At the National Assembly Tuesday, lawmakers
questioned members of President Park’s Cabinet about two recent issues of contention, the
government’s down-sized pension plan and a justice ministry investigation into the nation’s
top prosecutor. Kim Yeon-ji reports. At the emergency hearing
Tuesday, lawmakers focused on what prompted the justice minister to order an unprecedented
investigation into the nation’s top prosecutor, which led to the resignation of Prosecutor
General Chae Dong-wook. The Chosun Ilbo daily published in early September
allegations that Chae had a son out of wedlock. Ruling party lawmakers argued an investigation
by the justice ministry was necessary, calling it an ethical issue. “Why is the Democratic Party protecting Chae
Dong-wook, whose ethics were seriously challenged?
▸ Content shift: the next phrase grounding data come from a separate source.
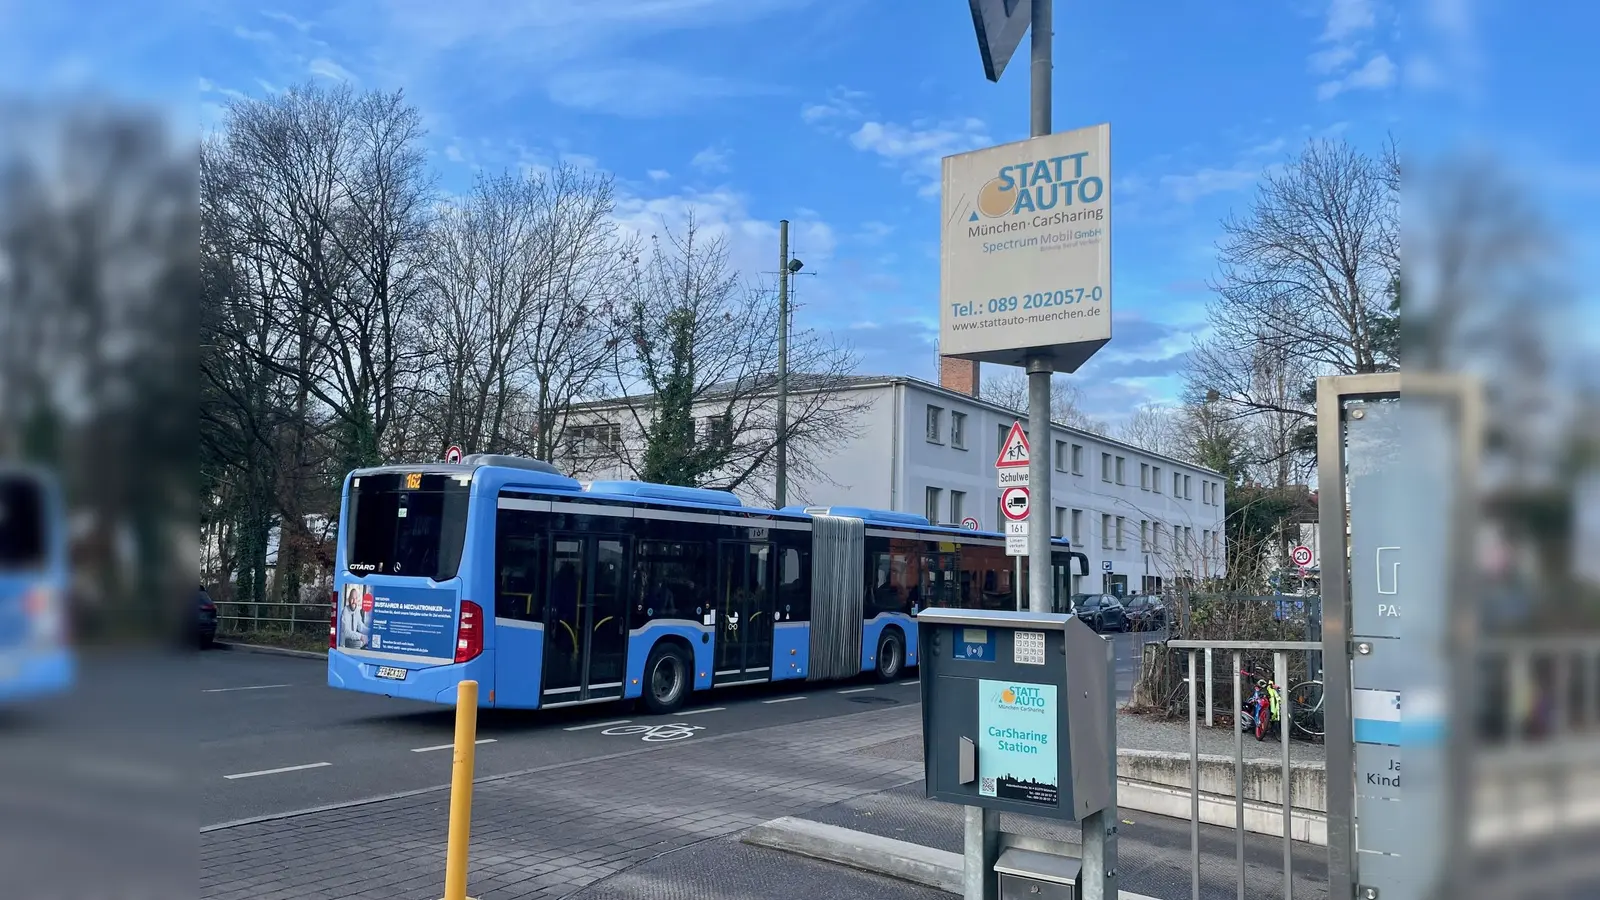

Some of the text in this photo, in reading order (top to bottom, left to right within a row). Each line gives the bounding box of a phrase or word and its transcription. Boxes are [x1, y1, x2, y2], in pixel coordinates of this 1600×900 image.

[998, 152, 1089, 192] STATT
[1012, 176, 1103, 215] AUTO
[982, 228, 1102, 254] Spectrum Mobil GmbH
[952, 286, 1102, 317] Tel.: 089 202057-0
[952, 306, 1100, 331] www.stattauto-muenchen.de
[407, 473, 422, 489] 162
[1296, 552, 1308, 560] 20
[1009, 686, 1040, 698] STATT
[1015, 696, 1045, 707] AUTO
[988, 726, 1047, 744] CarSharing
[998, 740, 1037, 754] Station
[1367, 773, 1400, 787] Kind
Isn’t it because he conducted investigations
in the way the opposition party wants?” Opposition lawmakers fired back, pointing
the finger at the government, claiming that Chae was targeted for political reasons for
the way he pursued certain cases that shed a poor light on the current administration. “This case is not about whether Chae had a
son out of wedlock. This is a war between the government and the prosecution, the very
first in history.” Lawmakers also clashed on the government’s
new basic pension plan. Before the December presidential election,
President Park Geun-hye pledged to give all seniors aged 65 and above 186 U.S. dollars
every month. But last week, the government announced that
only seniors in the lower 70 percent income bracket would be eligible to receive the maximum.
And 10 percent of those eligible for the subsidy will receive as little as 93 dollars, depending
on how long they have contributed to the national pension system.
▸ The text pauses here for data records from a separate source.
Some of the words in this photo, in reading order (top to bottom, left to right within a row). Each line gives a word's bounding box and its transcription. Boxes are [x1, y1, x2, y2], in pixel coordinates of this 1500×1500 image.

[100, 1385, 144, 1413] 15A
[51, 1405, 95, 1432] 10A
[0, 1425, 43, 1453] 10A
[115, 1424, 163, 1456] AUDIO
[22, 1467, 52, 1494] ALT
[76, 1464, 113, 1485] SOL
Opposition lawmakers called the change a major backtrack on a campaign pledge.
But ruling party lawmakers defended the government’s decision, saying the new plan is designed
to help the seniors who are most in need. “Opposition lawmakers argue that the government’s
plan discriminates against long-term national pension subscribers by giving them less money
in basic pension payouts compared to others. But ruling party lawmakers stress that linking
the two pensions will not result in losses of individual deposits into the national pension
program.” Kim Yeon-ji, Arirang News.